* [How to complete this task]
Copy every record that appears below, exactly as it stands.

□ □ □ □ □ □ □

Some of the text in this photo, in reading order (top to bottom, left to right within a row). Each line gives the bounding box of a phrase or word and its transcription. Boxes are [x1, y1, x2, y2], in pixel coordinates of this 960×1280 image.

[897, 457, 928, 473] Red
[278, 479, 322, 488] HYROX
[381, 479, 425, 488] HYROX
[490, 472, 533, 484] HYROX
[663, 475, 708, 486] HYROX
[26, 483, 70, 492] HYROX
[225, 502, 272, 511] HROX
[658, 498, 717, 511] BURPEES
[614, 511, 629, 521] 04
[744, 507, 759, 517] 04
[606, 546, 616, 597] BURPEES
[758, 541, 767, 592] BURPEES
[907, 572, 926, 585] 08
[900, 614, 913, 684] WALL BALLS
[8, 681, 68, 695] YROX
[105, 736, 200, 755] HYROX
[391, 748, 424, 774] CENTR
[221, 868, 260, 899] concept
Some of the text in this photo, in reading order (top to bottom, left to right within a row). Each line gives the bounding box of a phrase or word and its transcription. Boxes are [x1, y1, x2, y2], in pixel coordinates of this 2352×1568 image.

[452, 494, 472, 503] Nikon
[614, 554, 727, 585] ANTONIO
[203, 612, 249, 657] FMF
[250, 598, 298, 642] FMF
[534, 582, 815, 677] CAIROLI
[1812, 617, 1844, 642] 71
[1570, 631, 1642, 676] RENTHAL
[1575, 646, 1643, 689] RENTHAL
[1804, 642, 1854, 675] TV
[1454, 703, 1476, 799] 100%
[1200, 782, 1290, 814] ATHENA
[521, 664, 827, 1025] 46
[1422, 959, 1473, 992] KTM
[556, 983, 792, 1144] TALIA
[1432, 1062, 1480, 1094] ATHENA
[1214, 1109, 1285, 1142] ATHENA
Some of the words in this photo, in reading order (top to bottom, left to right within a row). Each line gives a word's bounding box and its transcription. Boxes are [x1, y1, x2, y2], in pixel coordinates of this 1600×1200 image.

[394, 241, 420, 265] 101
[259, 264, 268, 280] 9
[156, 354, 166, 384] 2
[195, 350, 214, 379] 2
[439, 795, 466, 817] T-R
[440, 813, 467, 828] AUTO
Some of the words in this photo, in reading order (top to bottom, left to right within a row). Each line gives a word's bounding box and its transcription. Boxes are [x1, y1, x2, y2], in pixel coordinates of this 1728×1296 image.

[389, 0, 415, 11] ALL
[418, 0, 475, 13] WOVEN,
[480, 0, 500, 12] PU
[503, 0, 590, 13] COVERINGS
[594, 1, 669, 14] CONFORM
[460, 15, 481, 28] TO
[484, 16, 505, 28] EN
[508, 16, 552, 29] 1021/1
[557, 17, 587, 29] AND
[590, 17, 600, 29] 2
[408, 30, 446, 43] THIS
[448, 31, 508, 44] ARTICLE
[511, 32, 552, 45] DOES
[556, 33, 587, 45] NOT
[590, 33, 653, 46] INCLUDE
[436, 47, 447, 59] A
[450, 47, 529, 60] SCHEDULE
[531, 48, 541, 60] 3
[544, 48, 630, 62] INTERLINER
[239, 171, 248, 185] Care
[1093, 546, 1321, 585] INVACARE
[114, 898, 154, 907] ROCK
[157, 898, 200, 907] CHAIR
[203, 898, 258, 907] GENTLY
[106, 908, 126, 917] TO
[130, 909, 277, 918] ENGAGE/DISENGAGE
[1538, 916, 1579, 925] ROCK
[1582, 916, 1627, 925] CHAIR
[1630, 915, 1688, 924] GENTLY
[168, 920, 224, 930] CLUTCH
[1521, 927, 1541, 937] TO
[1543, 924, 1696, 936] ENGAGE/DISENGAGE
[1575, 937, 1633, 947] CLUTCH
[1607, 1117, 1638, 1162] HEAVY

□ □ □ □ □ □ □

* [Output]
Some of the text in this photo, in reading order (top to bottom, left to right within a row). Each line gives the bounding box of a phrase or word and its transcription. Boxes are [x1, y1, x2, y2], in pixel coordinates of this 960×1280 image.

[897, 457, 928, 473] Red
[278, 479, 322, 488] HYROX
[381, 479, 425, 488] HYROX
[490, 472, 533, 484] HYROX
[663, 475, 708, 486] HYROX
[26, 483, 70, 492] HYROX
[225, 502, 272, 511] HROX
[658, 498, 717, 511] BURPEES
[614, 511, 629, 521] 04
[744, 507, 759, 517] 04
[606, 546, 616, 597] BURPEES
[758, 541, 767, 592] BURPEES
[907, 572, 926, 585] 08
[900, 614, 913, 684] WALL BALLS
[8, 681, 68, 695] YROX
[105, 736, 200, 755] HYROX
[391, 748, 424, 774] CENTR
[221, 868, 260, 899] concept
Some of the text in this photo, in reading order (top to bottom, left to right within a row). Each line gives the bounding box of a phrase or word and its transcription. Boxes are [x1, y1, x2, y2], in pixel coordinates of this 2352×1568 image.

[452, 494, 472, 503] Nikon
[614, 554, 727, 585] ANTONIO
[203, 612, 249, 657] FMF
[250, 598, 298, 642] FMF
[534, 582, 815, 677] CAIROLI
[1812, 617, 1844, 642] 71
[1570, 631, 1642, 676] RENTHAL
[1575, 646, 1643, 689] RENTHAL
[1804, 642, 1854, 675] TV
[1454, 703, 1476, 799] 100%
[1200, 782, 1290, 814] ATHENA
[521, 664, 827, 1025] 46
[1422, 959, 1473, 992] KTM
[556, 983, 792, 1144] TALIA
[1432, 1062, 1480, 1094] ATHENA
[1214, 1109, 1285, 1142] ATHENA
Some of the words in this photo, in reading order (top to bottom, left to right within a row). Each line gives a word's bounding box and its transcription. Boxes are [x1, y1, x2, y2], in pixel coordinates of this 1600×1200 image.

[394, 241, 420, 265] 101
[259, 264, 268, 280] 9
[156, 354, 166, 384] 2
[195, 350, 214, 379] 2
[439, 795, 466, 817] T-R
[440, 813, 467, 828] AUTO
Some of the words in this photo, in reading order (top to bottom, left to right within a row). Each line gives a word's bounding box and its transcription. Boxes are [x1, y1, x2, y2], in pixel coordinates of this 1728×1296 image.

[389, 0, 415, 11] ALL
[418, 0, 475, 13] WOVEN,
[480, 0, 500, 12] PU
[503, 0, 590, 13] COVERINGS
[594, 1, 669, 14] CONFORM
[460, 15, 481, 28] TO
[484, 16, 505, 28] EN
[508, 16, 552, 29] 1021/1
[557, 17, 587, 29] AND
[590, 17, 600, 29] 2
[408, 30, 446, 43] THIS
[448, 31, 508, 44] ARTICLE
[511, 32, 552, 45] DOES
[556, 33, 587, 45] NOT
[590, 33, 653, 46] INCLUDE
[436, 47, 447, 59] A
[450, 47, 529, 60] SCHEDULE
[531, 48, 541, 60] 3
[544, 48, 630, 62] INTERLINER
[239, 171, 248, 185] Care
[1093, 546, 1321, 585] INVACARE
[114, 898, 154, 907] ROCK
[157, 898, 200, 907] CHAIR
[203, 898, 258, 907] GENTLY
[106, 908, 126, 917] TO
[130, 909, 277, 918] ENGAGE/DISENGAGE
[1538, 916, 1579, 925] ROCK
[1582, 916, 1627, 925] CHAIR
[1630, 915, 1688, 924] GENTLY
[168, 920, 224, 930] CLUTCH
[1521, 927, 1541, 937] TO
[1543, 924, 1696, 936] ENGAGE/DISENGAGE
[1575, 937, 1633, 947] CLUTCH
[1607, 1117, 1638, 1162] HEAVY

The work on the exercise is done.